True, the soldiers laughed to scorn the idea of any attack upon Quebec. It stood upon its rocky tongue of land, frowning and unassailable, as it seemed to them. All along the north bank of the lower river the French were throwing up earthworks and intrenching their army, to hinder any attempt at landing troops there; and the guns of the town batteries would soon sink and destroy any vessel rash enough to try to pass the town, and gain a footing upon the shores above. Indeed, so frowning and precipitous were these that nature herself seemed to be sufficient guard.

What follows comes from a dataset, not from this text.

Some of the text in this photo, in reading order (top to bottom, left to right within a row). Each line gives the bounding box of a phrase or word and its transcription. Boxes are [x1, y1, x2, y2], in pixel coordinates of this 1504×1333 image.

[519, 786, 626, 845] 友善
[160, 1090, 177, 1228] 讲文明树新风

"Let the English come, and see what welcome we have got for them!" was a favourite exclamation from soldiers and townsfolk; yet all the same there was anxiety in the faces of those who watched daily for the first approach of the English sails. Had not Louisbourg said the same, and yet had fallen before English hardihood and resolution? Those in the highest places in this Canadian capital best knew the rotten condition into which her affairs had fallen. The corruption amongst officials, the jealousy between Governor and General, the crafty self seeking of the Intendant-these and a hundred other things were enough to cause much anxiety at headquarters. The grand schemes of the French for acquiring a whole vast continent were fast dwindling down to the anxious hope of being able to keep what they already possessed.

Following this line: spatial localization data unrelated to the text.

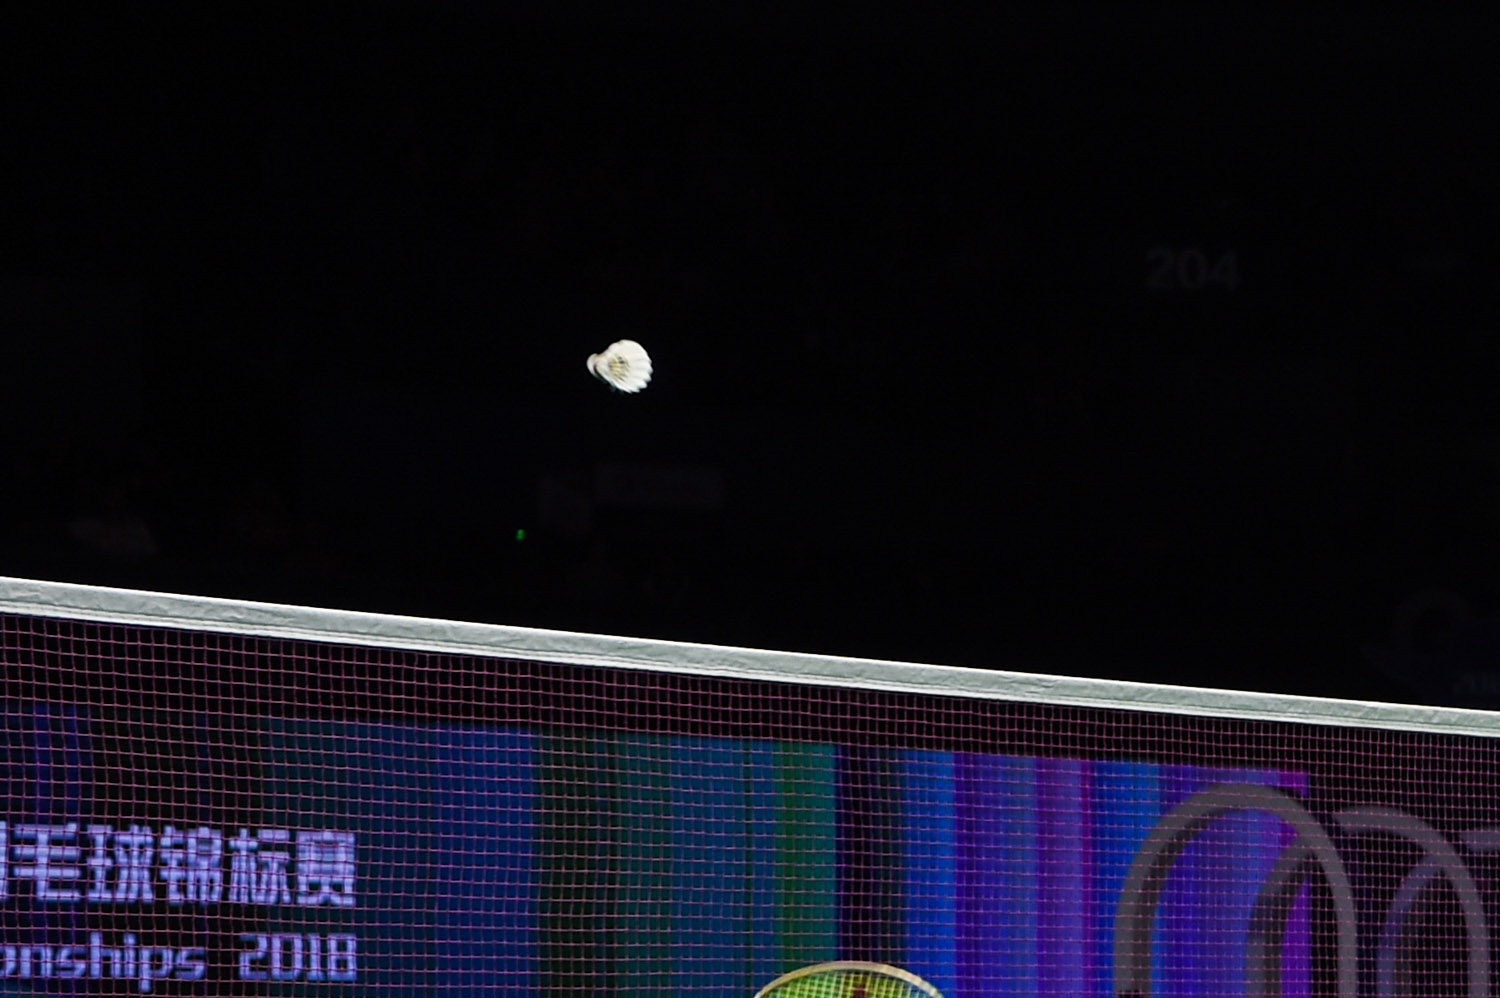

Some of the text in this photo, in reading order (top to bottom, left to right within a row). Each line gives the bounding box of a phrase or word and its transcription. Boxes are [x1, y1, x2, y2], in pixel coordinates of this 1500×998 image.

[1146, 245, 1240, 288] 204
[0, 820, 357, 908] 毛球锦标赛
[239, 932, 357, 982] 2018
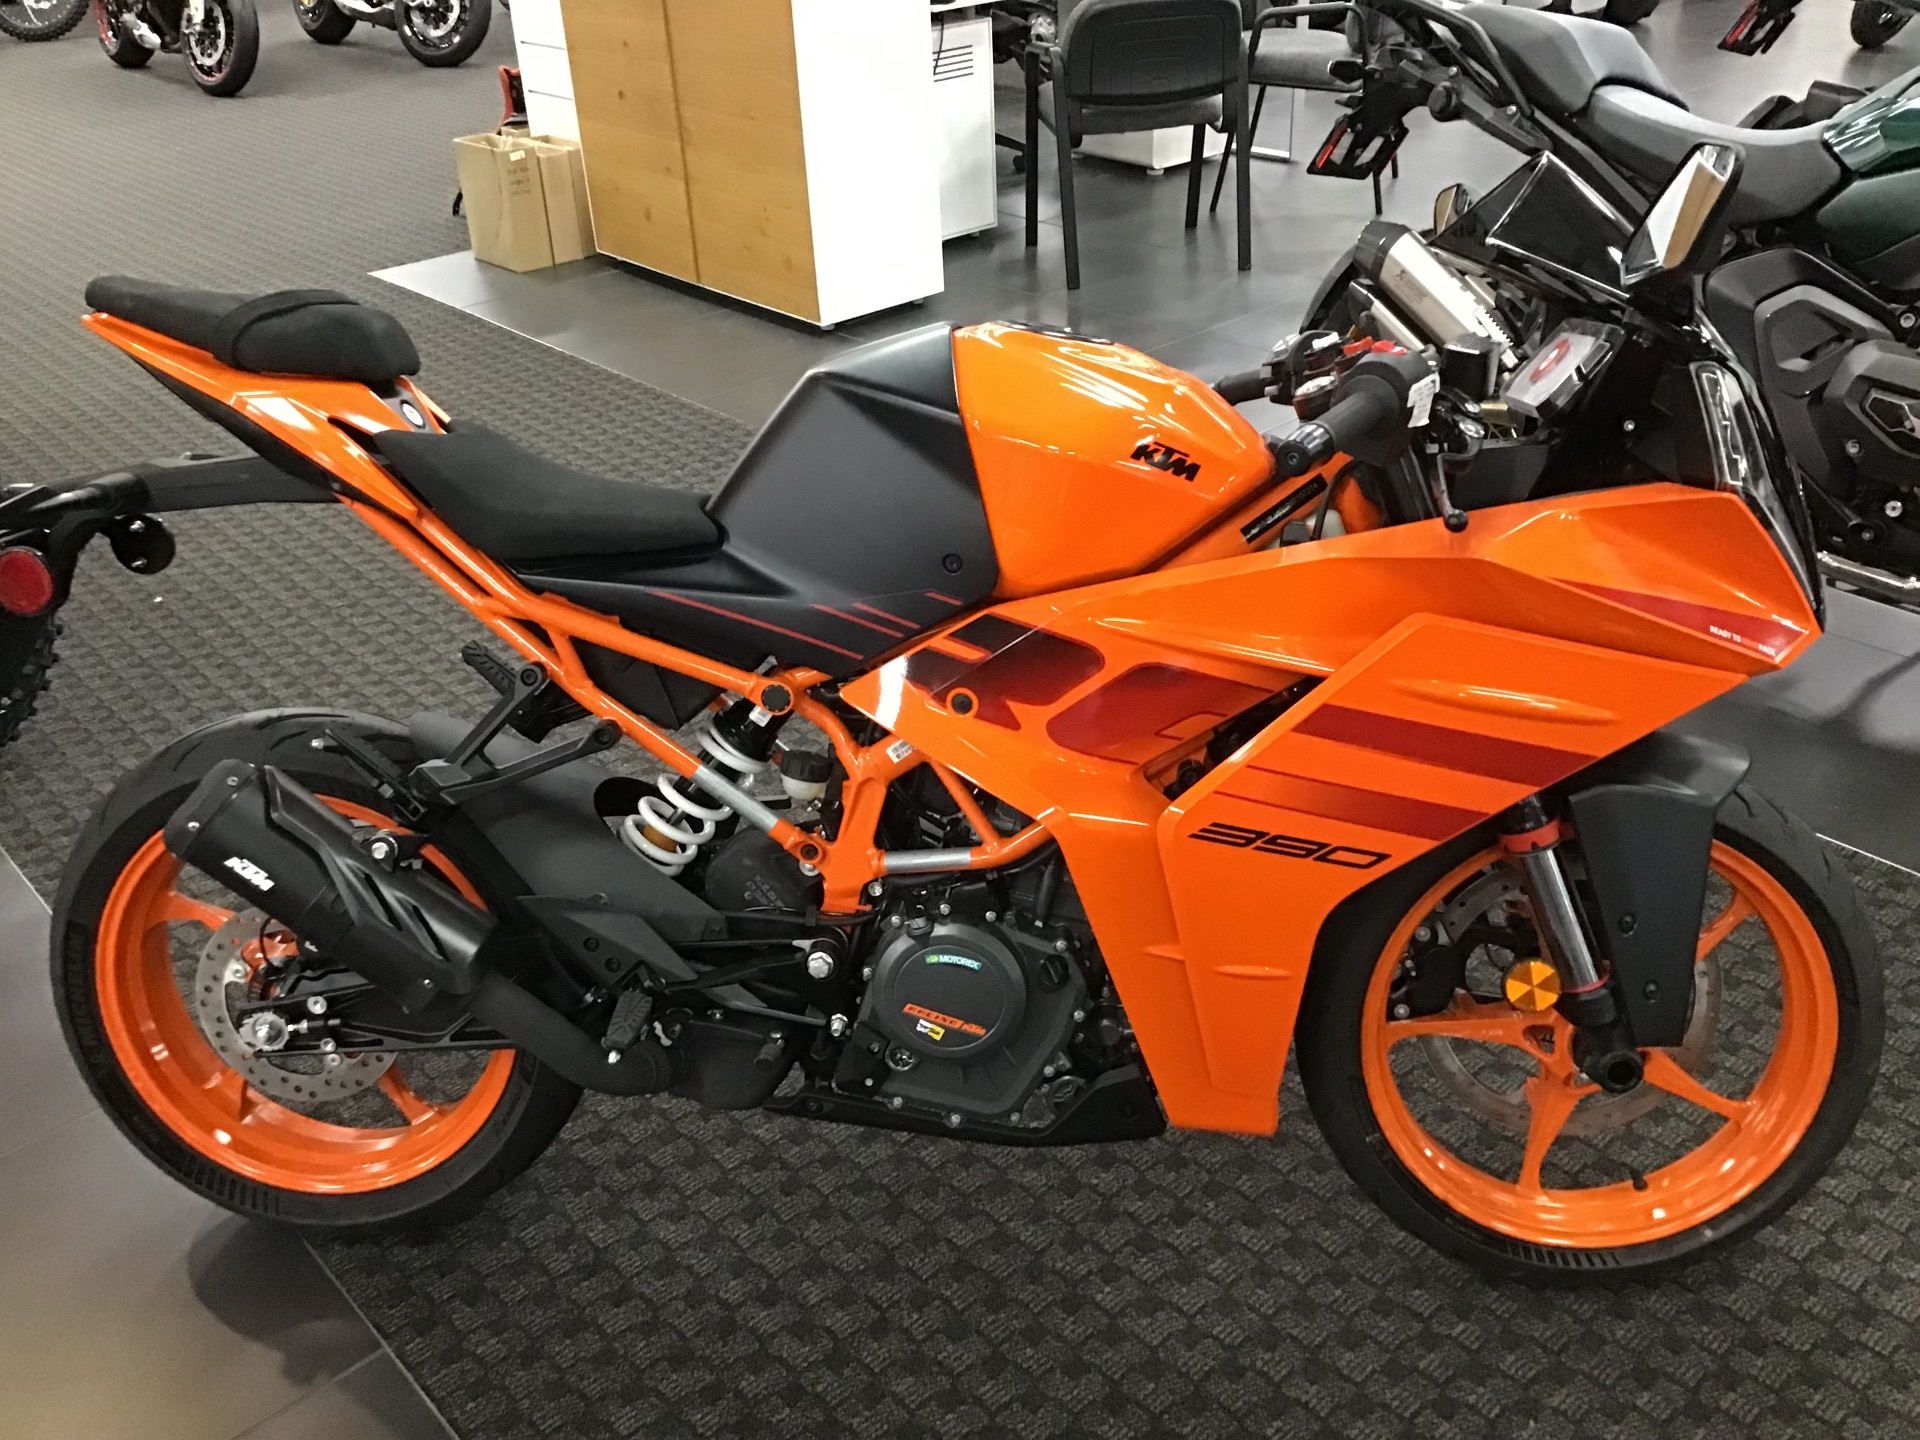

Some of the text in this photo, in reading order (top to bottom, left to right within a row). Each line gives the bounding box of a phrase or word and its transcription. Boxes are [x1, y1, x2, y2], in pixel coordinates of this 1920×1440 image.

[1130, 441, 1201, 482] KTM
[1732, 633, 1741, 643] TO
[1187, 822, 1392, 869] 390
[223, 856, 275, 891] KTM
[940, 955, 979, 969] MOTOREX

The girl gazing forth from the narrow window was turning over in her mind the things that she had heard. Her fair face was grave, yet it was bright, too, and as she threw out her hand towards the vista of the great river rolling its mighty volume of water towards the sea, she suddenly exclaimed:
"And what if they do come? what if they do conquer? Have we not deserved it? have we not brought ruin upon our own heads by the wickedness and cruelty we have made our allies? And if England's flag should one day wave over the fortress of Quebec, as it now does over that of Louisbourg, what is that to me? Have I not English-or Scotch-blood in my veins? Am I not as much English as French? I sometimes think that, had I my choice, England would be the country where I should best love to dwell. It is the land of freedom-all say that, even my good uncle, who knows so well. I love freedom; I love what is noble and great. Sometimes I feel in my heart that England will be the greatest country of the world."

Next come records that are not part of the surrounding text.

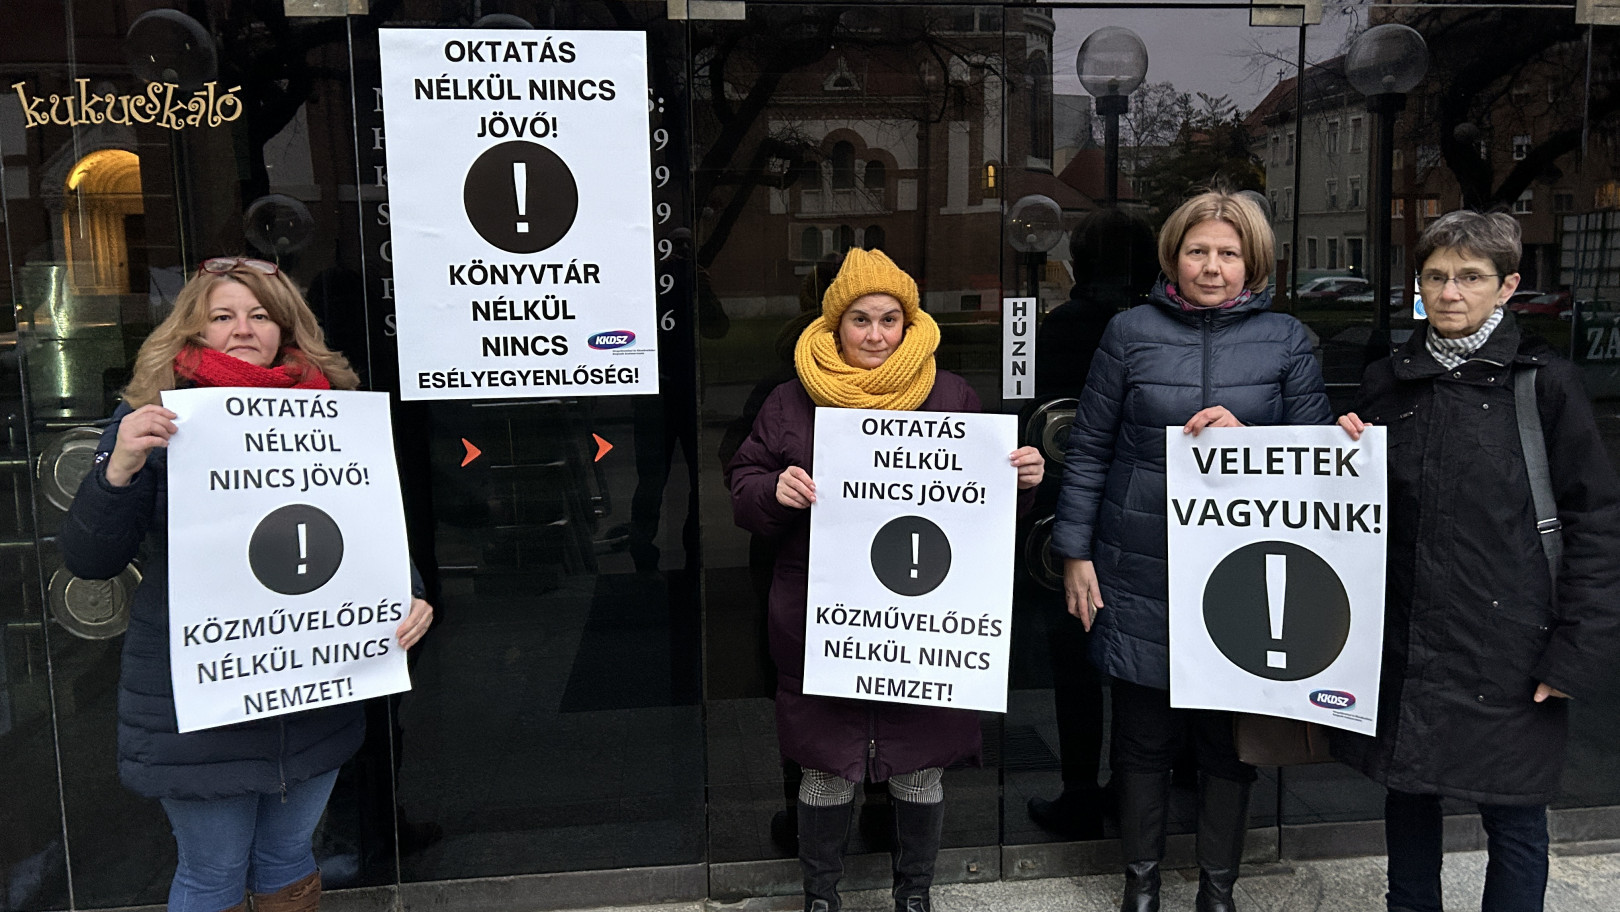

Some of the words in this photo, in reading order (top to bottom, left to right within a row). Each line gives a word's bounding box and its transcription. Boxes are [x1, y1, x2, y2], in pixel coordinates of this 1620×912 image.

[445, 37, 575, 63] OKTATÁS
[415, 74, 521, 100] NÉLKÜL
[529, 80, 615, 100] NINCS
[11, 78, 243, 130] kukucskáló
[478, 111, 557, 138] JÖVŐ!
[450, 259, 600, 285] KÖNYVTÁR
[472, 295, 575, 321] NÉLKÜL
[483, 336, 568, 356] NINCS
[595, 335, 628, 345] KKDSZ
[1012, 301, 1027, 396] HÚZNI
[419, 365, 639, 388] ESÉLYEGYENLŐSÉG!
[226, 395, 338, 418] OKTATÁS
[246, 429, 341, 451] NÉLKÜL
[862, 417, 965, 438] OKTATÁS
[875, 447, 962, 470] NÉLKÜL
[1192, 447, 1359, 477] VELETEK
[211, 469, 294, 490] NINCS
[301, 463, 369, 491] JÖVŐ!
[843, 482, 913, 500] NINCS
[918, 481, 985, 505] JÖVŐ!
[1172, 499, 1380, 533] VAGYUNK!
[183, 599, 403, 646] KÖZMŰVELŐDÉS
[816, 604, 1002, 637] KÖZMŰVELŐDÉS
[199, 647, 302, 683] NÉLKÜL
[313, 638, 389, 665] NINCS
[825, 637, 910, 663] NÉLKÜL
[920, 648, 989, 670] NINCS
[244, 677, 354, 715] NEMZET!
[856, 675, 953, 702] NEMZET!
[1317, 692, 1349, 707] KKDSZ

Her eyes glowed; she stretched forth her hands in a speaking gesture. The waters of the great river seemed to flash back an answer. Cooped up within frowning walls, amid the buildings of the fortress and upper town, Corinne felt sometimes like a bird in a prison cage; and yet the life fascinated her, with its constant excitements, its military environment, its atmosphere of coming danger. She did not want to leave Quebec till the struggle between the nations had been fought out. And yet she scarcely knew which side she wished to see win. French though her training had been of late years, yet her childhood had been spent in the stormy north, amid an English-speaking people. She had seen much that disgusted and saddened her here amongst the French of Canada. She despised the aged libertine who still sat upon the French throne with all the scorn and disgust of an ardent nature full of noble impulses.
"I hate to call myself his subject!" she had been known to say. "I will be free to choose to which nation I will belong. I have the right to call myself English if I choose."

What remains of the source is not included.